On 19/09/12 19:38, Olemis Lang wrote:
About patches . I have the habit of including them in one of two forms
1.
{{{
#!diff
<patch contents>
}}}
2. Attachment having a name of the form
t<ticket_number>_r<changeset_id>_<descriptive_name>.diff
both ticket number and changeset ID are useful to know whether the
patch needs to be updated before applying it , and also to tag the
exact version modifications were tested against . This is a practice
inherited from Trac-dev itself so we might just include a link to
their patch submission guidelines wiki page or start from there and
customize it for our own usage .
I think that attachment naming is more about whatever makes it easy for
the person who produces the patch.
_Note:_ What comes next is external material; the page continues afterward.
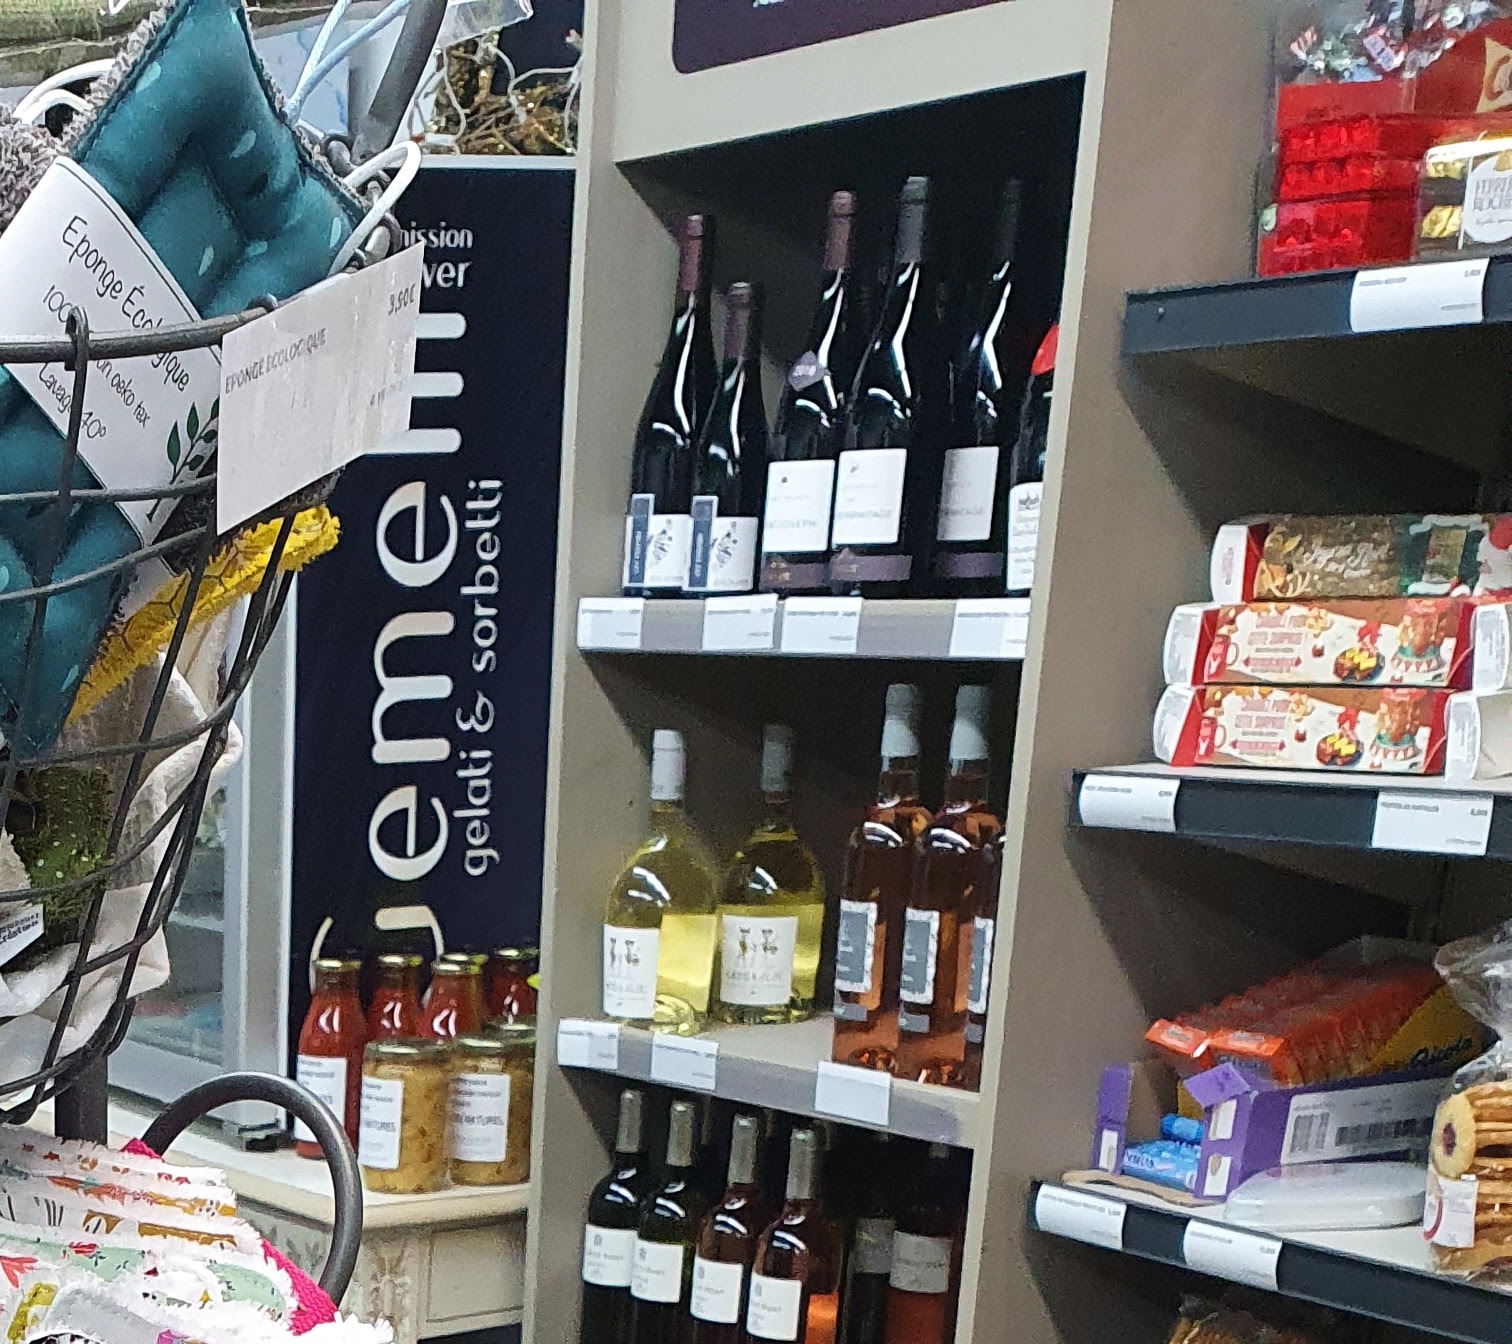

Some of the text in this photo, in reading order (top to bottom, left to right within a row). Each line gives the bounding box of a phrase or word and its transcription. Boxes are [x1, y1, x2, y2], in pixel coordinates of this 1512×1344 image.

[63, 216, 190, 391] Eponge Écolgique
[454, 479, 503, 877] gelati & sorbetti
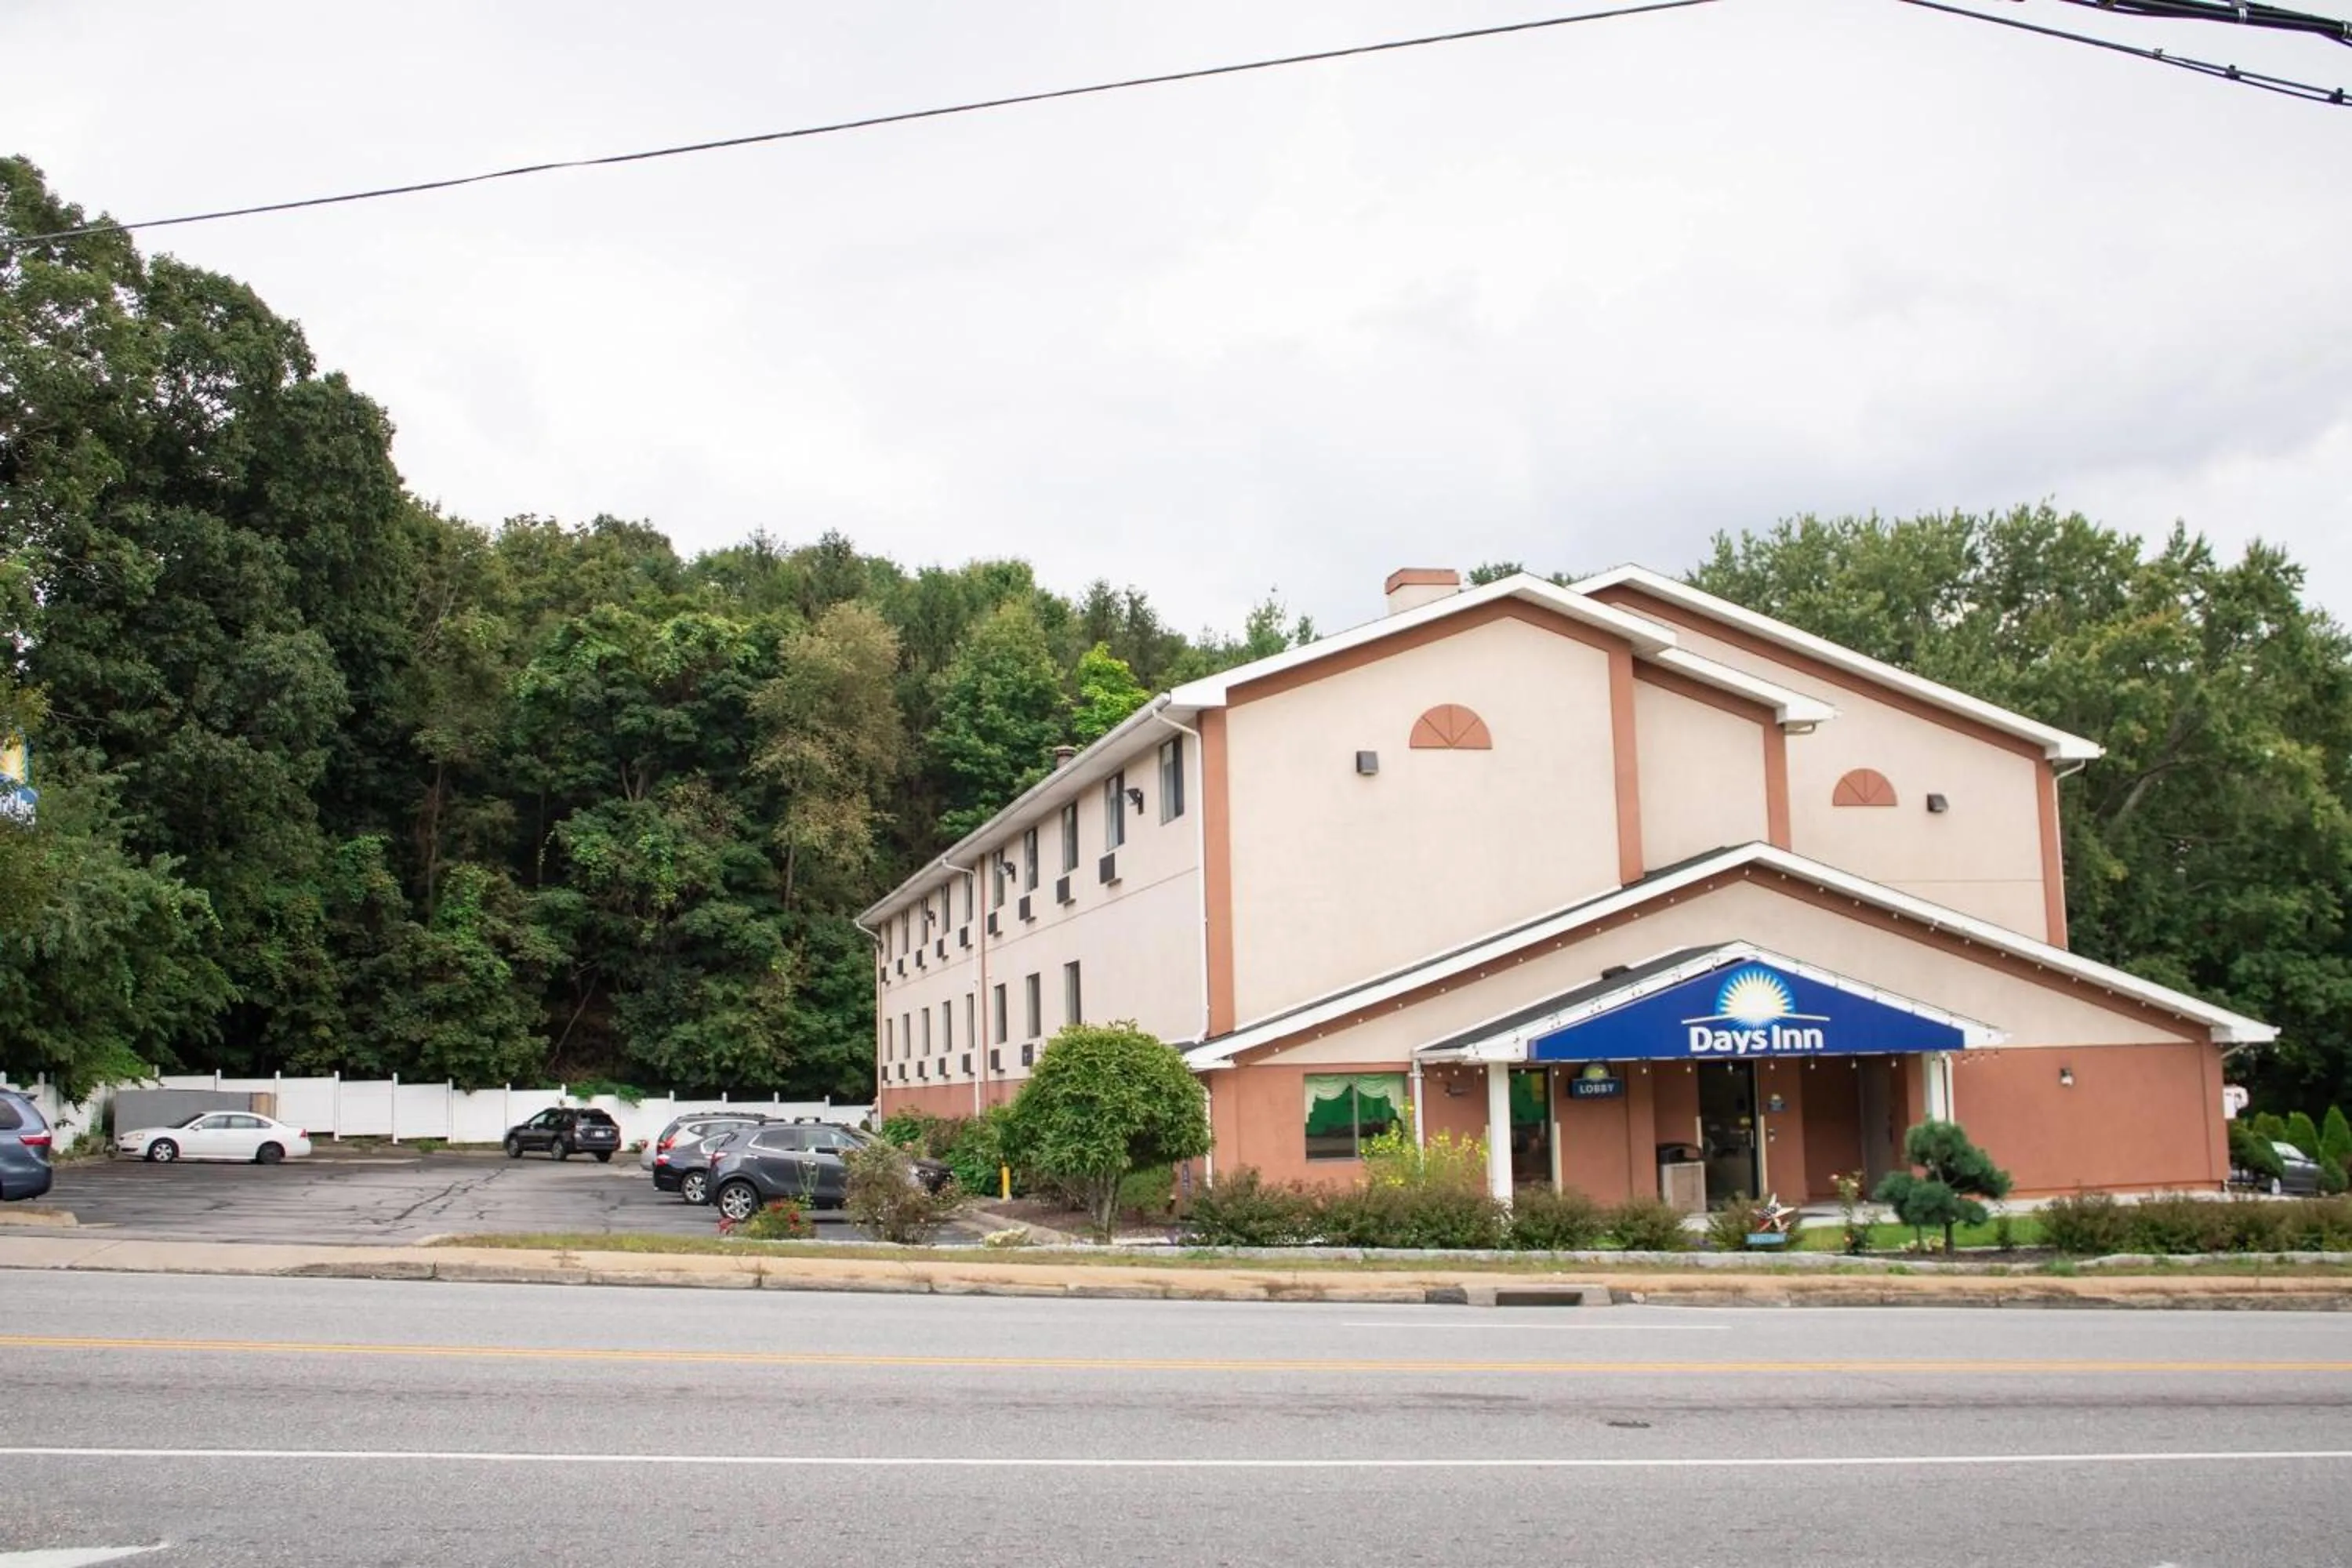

A description of the patch in a
comment is almost always useful and specification of the revision that
the patch was developed against is a very good idea. If these happen to
be a part of the file name instead of a comment (or in addition to),
that should be considered fine too.
All I would care about is that the information is available, correct and
understandable rather than the precise form. Maybe I will care more
about this later of course.
I can check out the Trac guidelines but we need our own page. PEP 8
(http://www.python.org/dev/peps/pep-0008/) is obviously an appropriate
Python style guide for instance. I understand that Trac frown upon
deviations from this so anything that we want to contribute back to Trac
should be vetted carefully. It remains to be seen how strict I will turn
out to be on enforcing this style. I don't believe it always pays off to
be overly strict and in the end, code readability wins.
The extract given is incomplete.